====== Task data ======
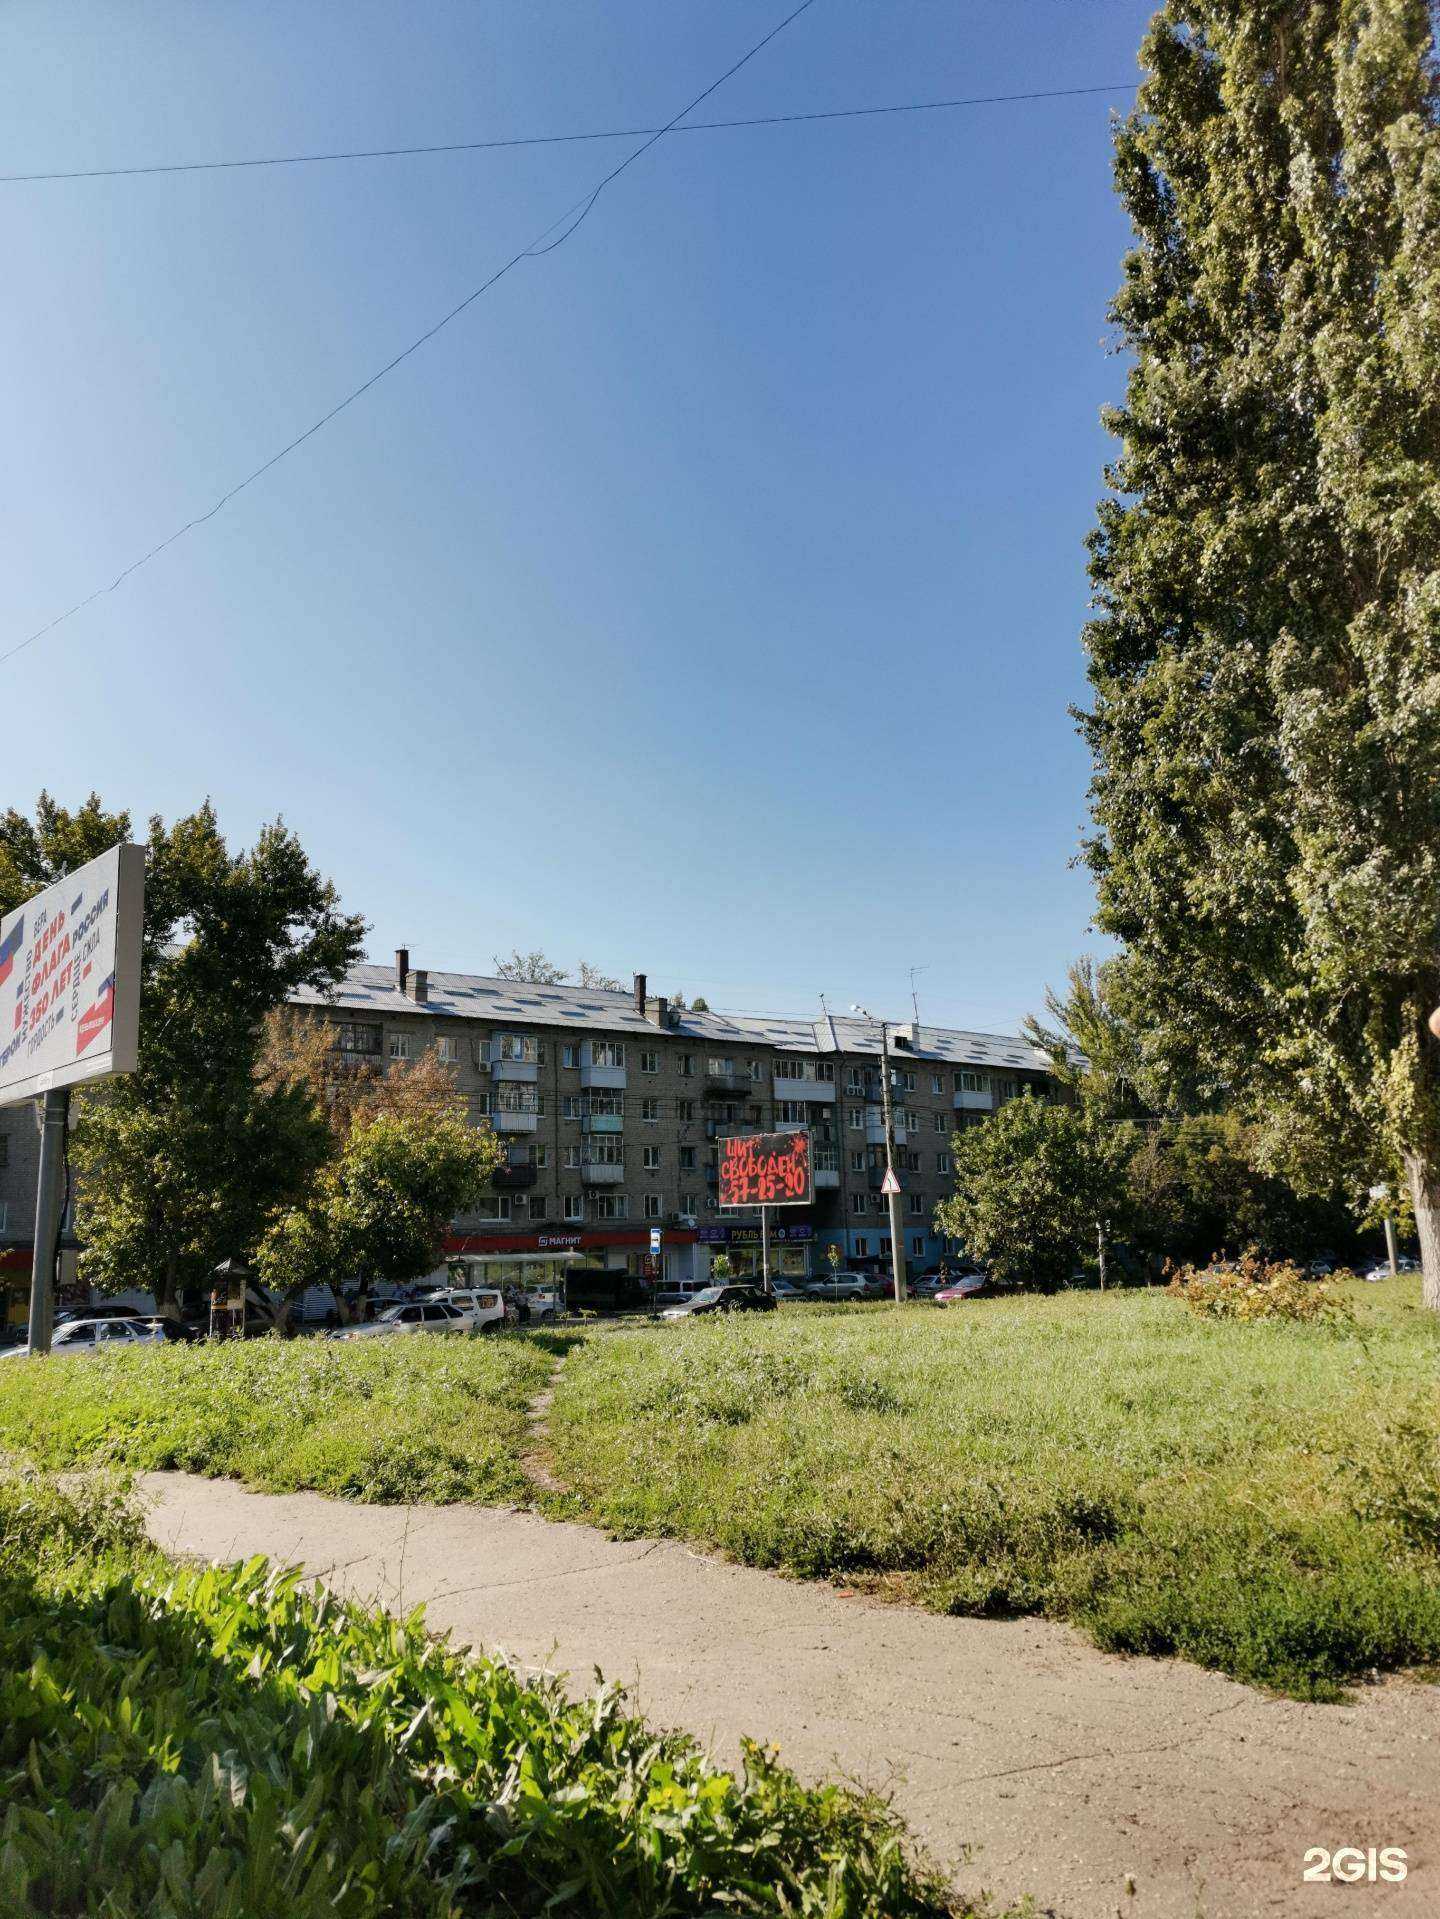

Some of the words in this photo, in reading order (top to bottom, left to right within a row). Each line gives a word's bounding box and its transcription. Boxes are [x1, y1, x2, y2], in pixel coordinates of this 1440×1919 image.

[32, 933, 70, 995] ФЛАГА
[33, 910, 65, 967] ДЕНЬ
[22, 950, 32, 1043] МУЖЕСТВО
[30, 992, 49, 1031] 350
[51, 960, 73, 1005] ЛЕТ
[71, 952, 80, 1022] СЕРДЦЕ
[721, 1153, 797, 1180] СВОБОДЕН
[726, 1138, 754, 1159] ЩИТ
[549, 1236, 581, 1246] МАГНИТ
[732, 1229, 759, 1240] РУБЛЬ
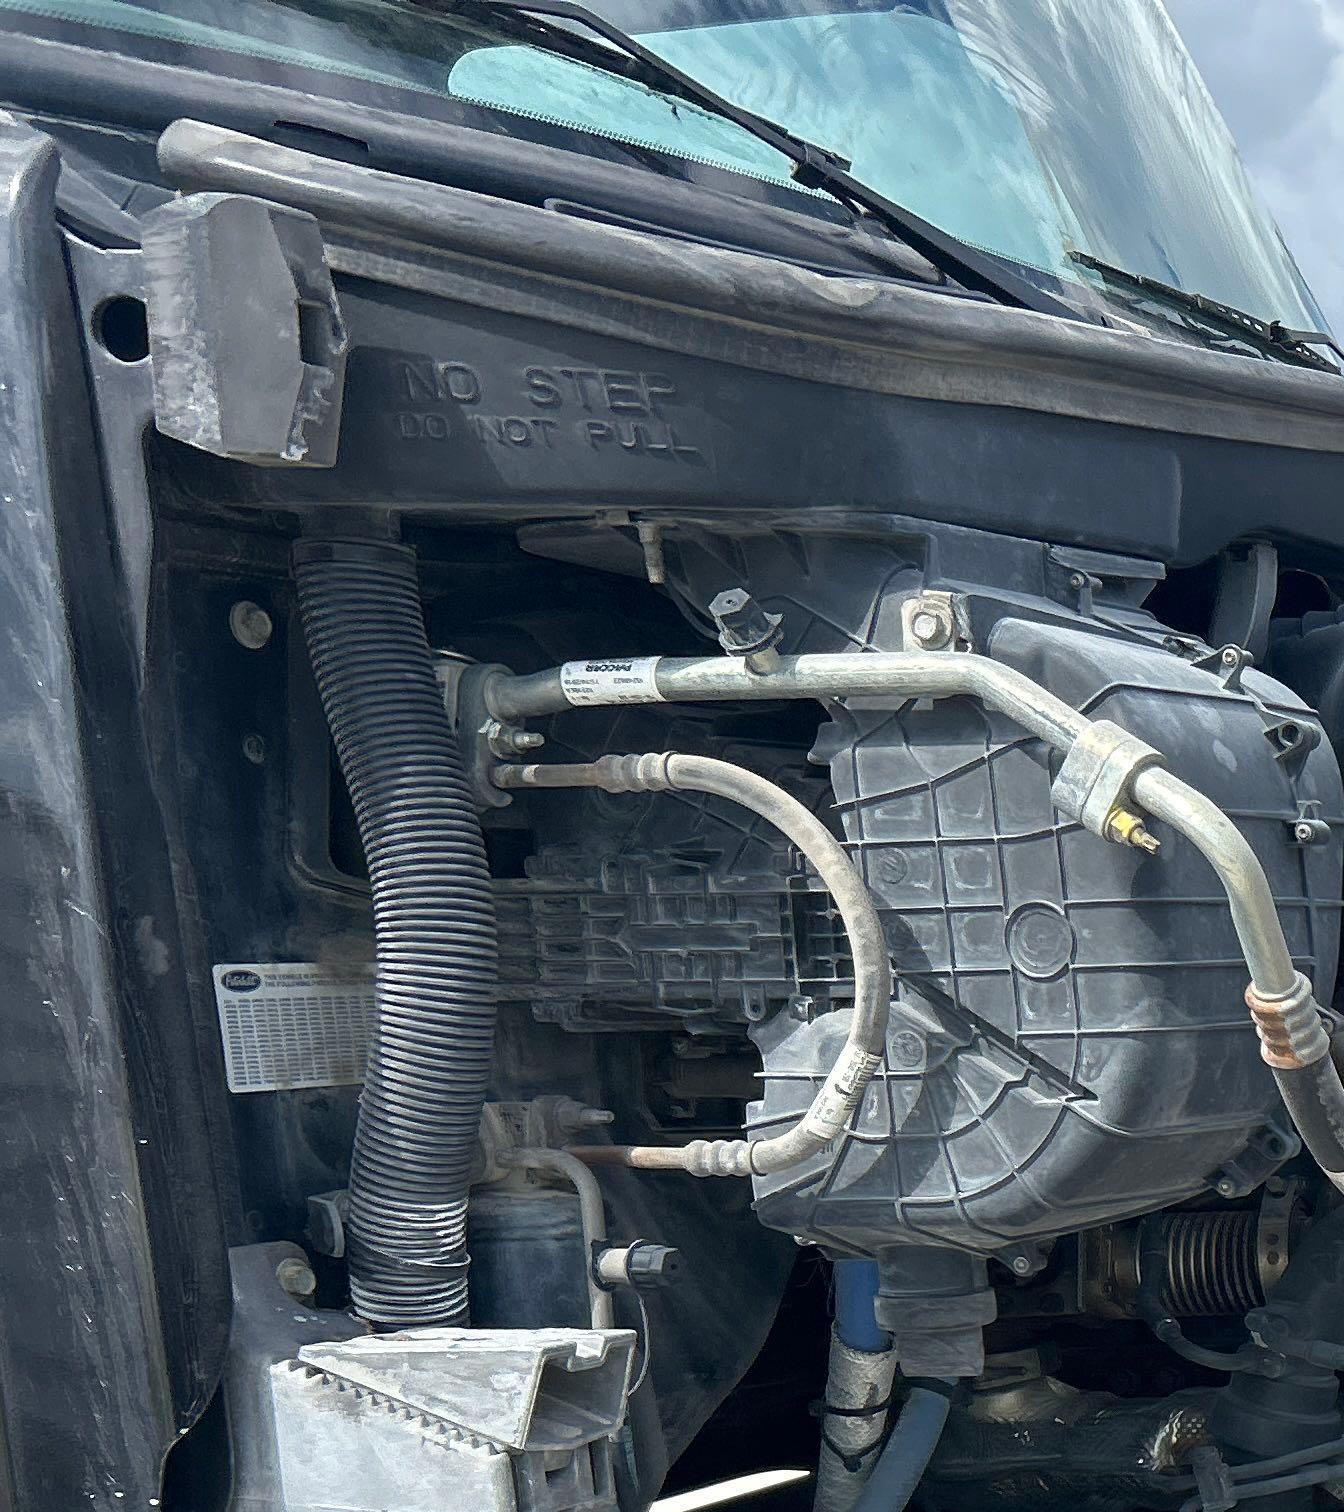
======
— Task brief —
Give every entry again verbatim, with no pictures.

— Exercise response —
Some of the words in this photo, in reading order (top to bottom, left to right within a row). Each line gives a word's bounding box and its transcription. Boxes are [x1, y1, x2, y2], in pixel coordinates of this 1440×1919 image.

[32, 933, 70, 995] ФЛАГА
[33, 910, 65, 967] ДЕНЬ
[22, 950, 32, 1043] МУЖЕСТВО
[30, 992, 49, 1031] 350
[51, 960, 73, 1005] ЛЕТ
[71, 952, 80, 1022] СЕРДЦЕ
[721, 1153, 797, 1180] СВОБОДЕН
[726, 1138, 754, 1159] ЩИТ
[549, 1236, 581, 1246] МАГНИТ
[732, 1229, 759, 1240] РУБЛЬ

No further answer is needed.